¡Que maravilla de escritor, psicólogo y filósofo! empecé leyendo Sand Firm, seguí con Standpoint y ahora lo ha vuelto a conseguir con The Join Of Missing Out, (JOMO).
Es una crítica de las siglas FOMO, Fear Of Missing Out, es decir miedo a perderse oportunidades, un sentimiento en la actualidad que muchas personas tienen cuando viven atosigadas por demandas del ambiente, la publicidad o la cultura de querer más, más y más. Sin comprender que es como si estuviéramos en una cinta de correr donde por mucho que nos esforcemos no llegaremos más lejos. Es una crítica a esa obligación de querer todo lo que deseamos sin saber que no depende solo de nosotros y aunque dependiera ¿Que sentido tiene si luego vamos a seguir queriendo ser más y mejores?
Me he dado cuenta de que lo que he leído lo puedo aplicar a mi vida, y mi día a día. De joven vi una película que se llamaba “Tierras de penumbra”, El protagonista se pregunta para que seguir subiendo montañas si desde la colina donde está le gusta el paisaje. Y es eso, Conformarse con lo bueno, no con lo mejor.
El libro abarca muchos aspectos, el social, el ético, el filosófico y el psicológico, ahora mismo no sé muy bien diferenciarlo, pero dentro de lo social explica que no somos totalmente responsables de nuestro futuro, nuestro entorno puede que nos lleve por un camino o hayamos llegado a una situación por la que no debemos sentirnos completamente responsables.
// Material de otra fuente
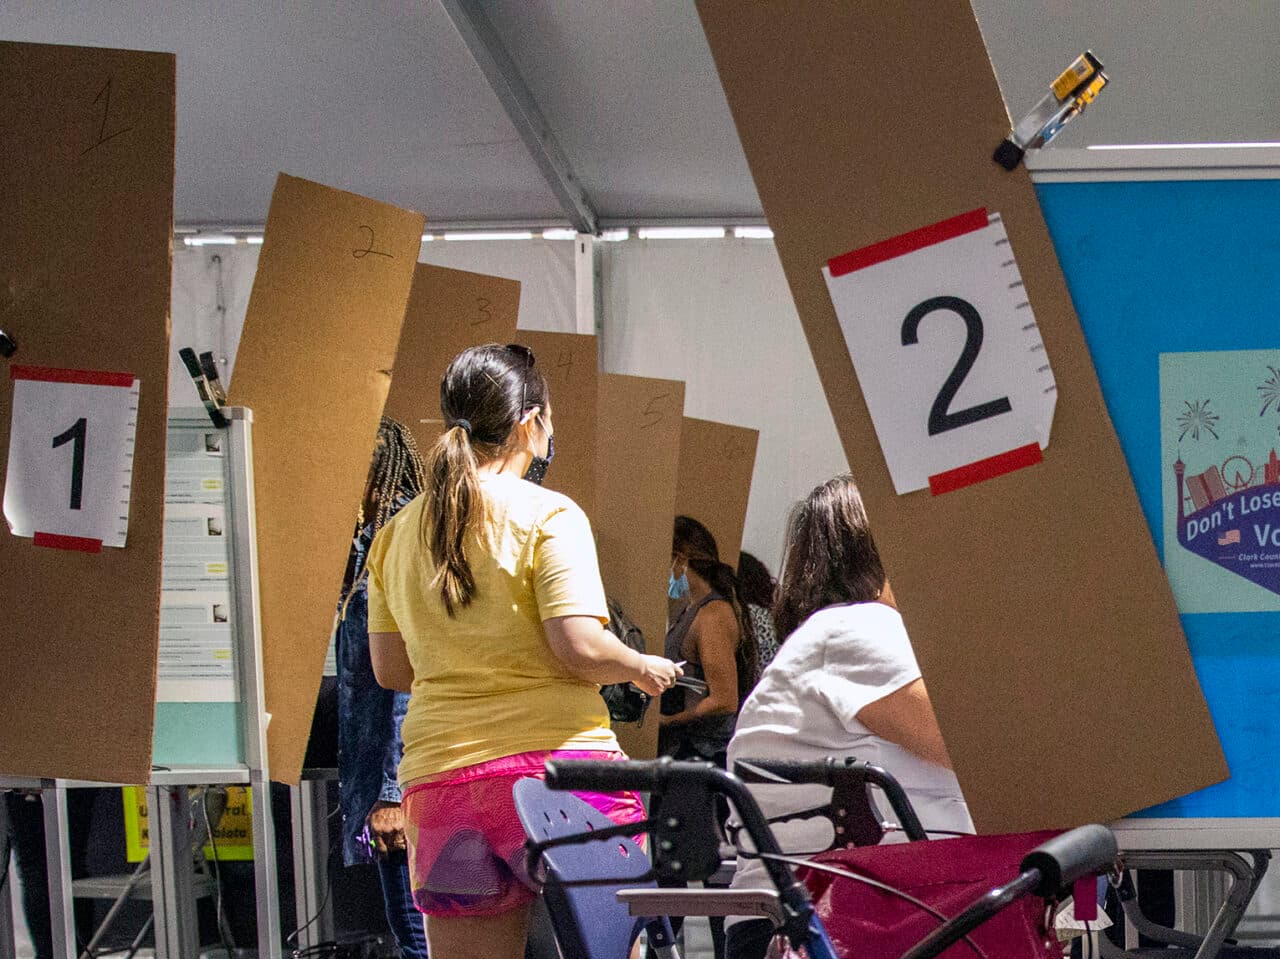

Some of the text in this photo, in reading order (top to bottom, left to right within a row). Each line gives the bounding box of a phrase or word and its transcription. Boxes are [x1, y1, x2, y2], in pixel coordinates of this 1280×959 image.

[352, 225, 394, 259] 2
[470, 297, 492, 326] 3
[556, 351, 574, 381] 4
[900, 295, 1013, 437] 2
[639, 393, 670, 430] 5
[52, 417, 88, 511] 1
[1186, 502, 1235, 542] Don't
[1238, 553, 1258, 561] Clark
Habla mucho del compartir y conformarse con algo menos de lo que nos corresponde porque a fin y al cabo vivimos en sociedad y éticamente también somos parte de la felicidad o bienestar de los que nos rodean o no han tenido la misma suerte que nosotros.
Este libro, como los dos anteriores de Brinkmann me ha recomendado muchos libros más y otros he recordado que me gustaron mucho, por ejemplo del de Barry Schwartz “Por qué más es menos” del que hace un buen resumen y que me gustaría copiar algunos puntos a mi decálogo.
Notas
THE JOY OF MISSING OUT
While Stand Firm criticised the self-development mania, Standpoints sought to identify the basic ethical values upon which it is worth standing firm. In The Joy of Missing Out, I discuss ways of living our lives that would make it possible for society as a whole to focus on these values.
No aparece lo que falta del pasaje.